U.S. Still Divided on Atomic Bombing

John de Boer (Research Associate, GLOCOM)


Fifty-eight years have passed since Hiroshima and Nagasaki were devastated by U.S. nuclear attack and the division between those who support president Harry S. Truman's decision to drop the atom bomb and those who don't remains sharply divided. In many ways, U.S. media reports and the letters received in response portray an America that cannot lay to rest the demons that haunt it for being the first and only nation to use nuclear weapons.

Curiously enough, both sides argue in terms of human lives. Those who support Truman's decision argue that the bombs potentially saved the lives of hundreds of thousands of U.S. soldiers who were planning to storm Kyushu in November. Judging from the battle of Okinawa where 14,000 Americans and 200,000 Okinawans and Japanese lost their lives, the argument extends as far as to suggest that the bombs saved Japanese from having to face the U.S. onslaught as well. At the core of this thesis is the notion that Japanese military leaders were "fanatical" and were prepared to sacrifice as many as twenty million lives if they had to in order to avoid surrender. As Nicholas D. Kristof of the New York Times put it in his August 5 article on the issue, this position considers that, "the greatest tragedy of Hiroshima was not that so many people were incinerated in an instant, but that in a complex and brutal world, the alternatives were worse".

Those who speak in opposition to the bombings condemn the indiscriminate loss of 363,855 lives (if we include those who are still dying of bomb related illnesses), most of who were civilians. They argue that nuclear weapons are inconceivably destructive and were unnecessary when it came to Japan's surrender. This grouping believes that it was just a matter of time before Japan surrendered and explains that this process could have been sped up if the U.S. would have guaranteed the Emperor's survival as a condition to surrender. In fact, specialist Gar Alperovitz, author of "The Decision to Use the Atomic Bomb," reveals that, "the judgment of the vast majority of top American military leaders was that the bombings were unnecessary including (among many others), Generals Eisenhower, MacArthur, LeMay and Arnold, and Adm.

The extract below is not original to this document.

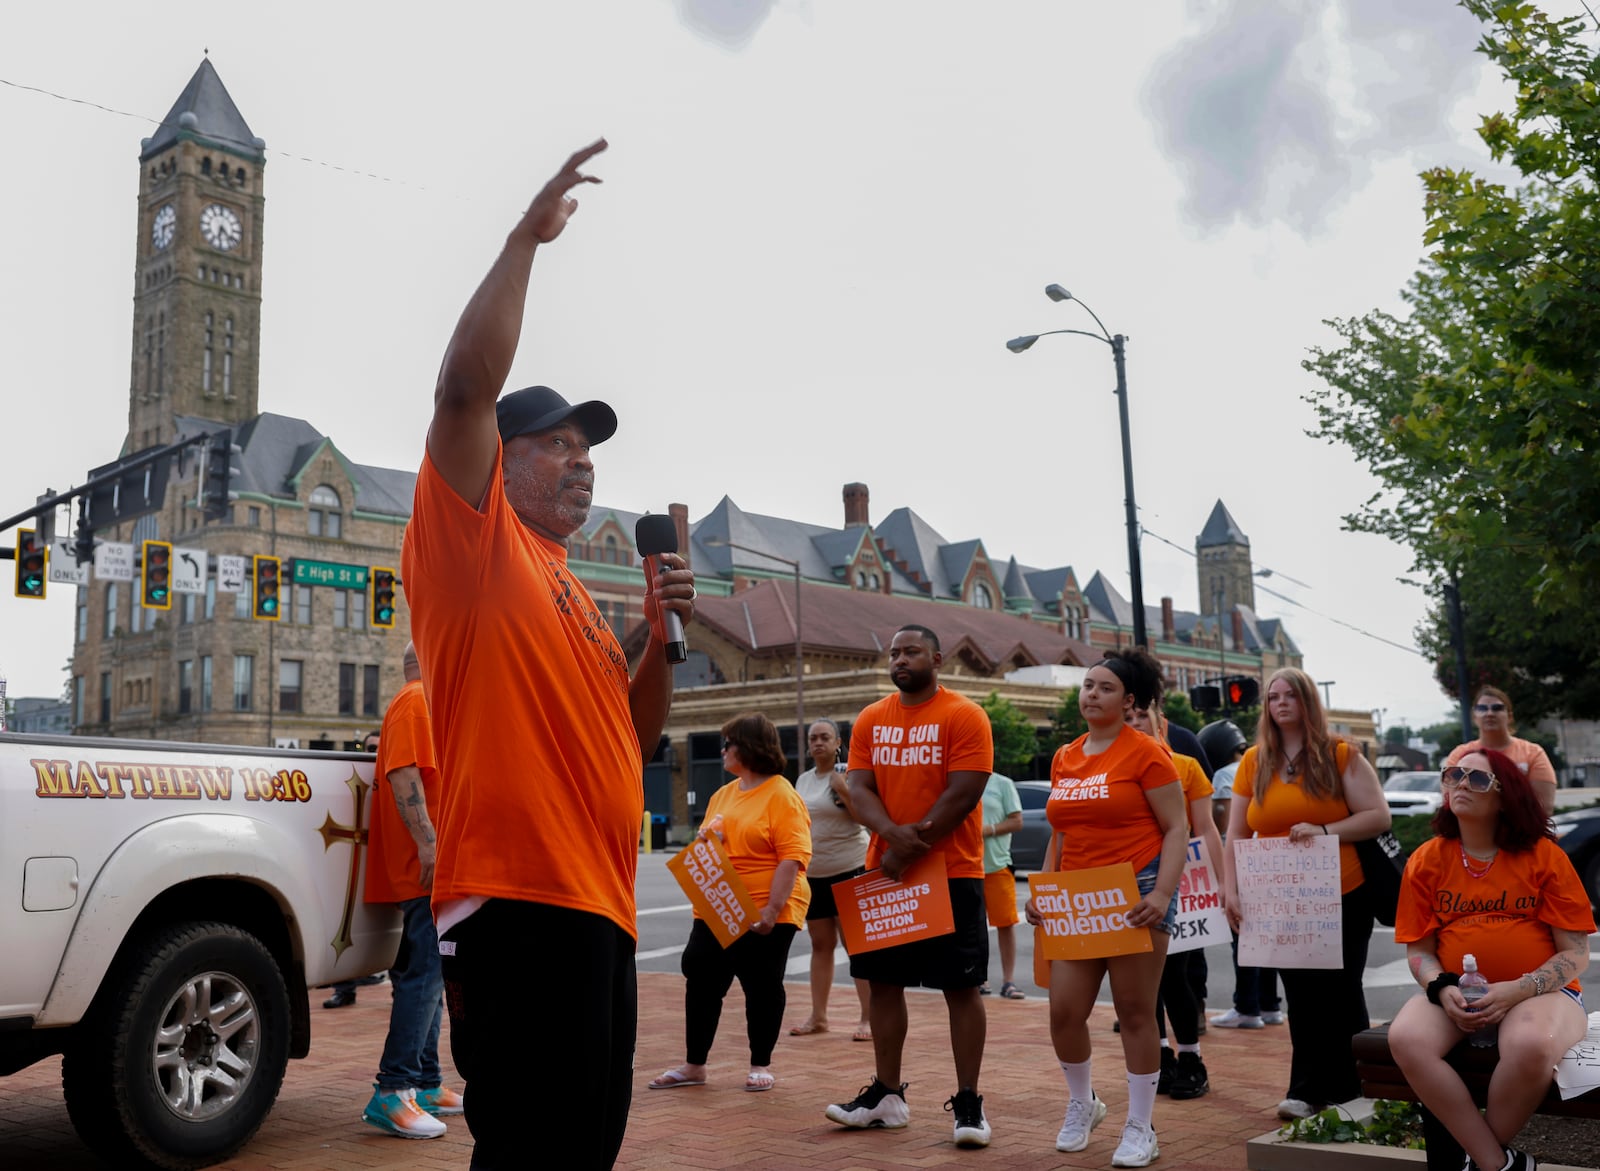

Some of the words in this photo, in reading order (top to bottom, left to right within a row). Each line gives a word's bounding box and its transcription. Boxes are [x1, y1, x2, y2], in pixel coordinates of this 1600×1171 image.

William D. Leahy, chairman of the Joint Chiefs of Staff and chief of staff to the president (letter to Kristof published in the New York Times, 6 August). Those who highlight this fact try to demonstrate that the choice to use nuclear weapons, on what were primarily civilian populations in Hiroshima and Nagasaki, was mainly driven by political and military considerations that did not pertain directly to Japan (i.e. Soviet Union)

The debate remains unresolved because it is impossible to determine what would have happened in the event that president Truman did not authorize the use of the atom bombs. Nevertheless, it is worth talking about and discussing this immortalized moment in history not only to arrive at a "fair judgment" as Kristof suggests, but also to continue in our pursuit of the issue of responsibility when it comes to such acts of war. For, if the object of history is to learn lessons from it, accountability is a requisite.

U.S. based radio station "Democracy Now" revealed this past week that the U.S. government marked the anniversary of Hiroshima by holding a top secret summit at the U.S. Strategic Command Center in Omaha, Nebraska where it discussed plans to develop and expand its nuclear arsenal. According to their sources, the meeting aimed to rewrite the nation's nuclear policy, talk about resuming nuclear testing and build a new generation of nuclear weapons. This report coincides with the Bush administration's push to get Congress to approve a $68 million for research into advanced nuclear weapons, most particularly mini-nukes and bunker busters. All signs indicate that the U.S. government is actively pursuing a policy that would make nuclear weapons usable once again. In light of these developments, history may be repeated before we learn from its tragic lesson.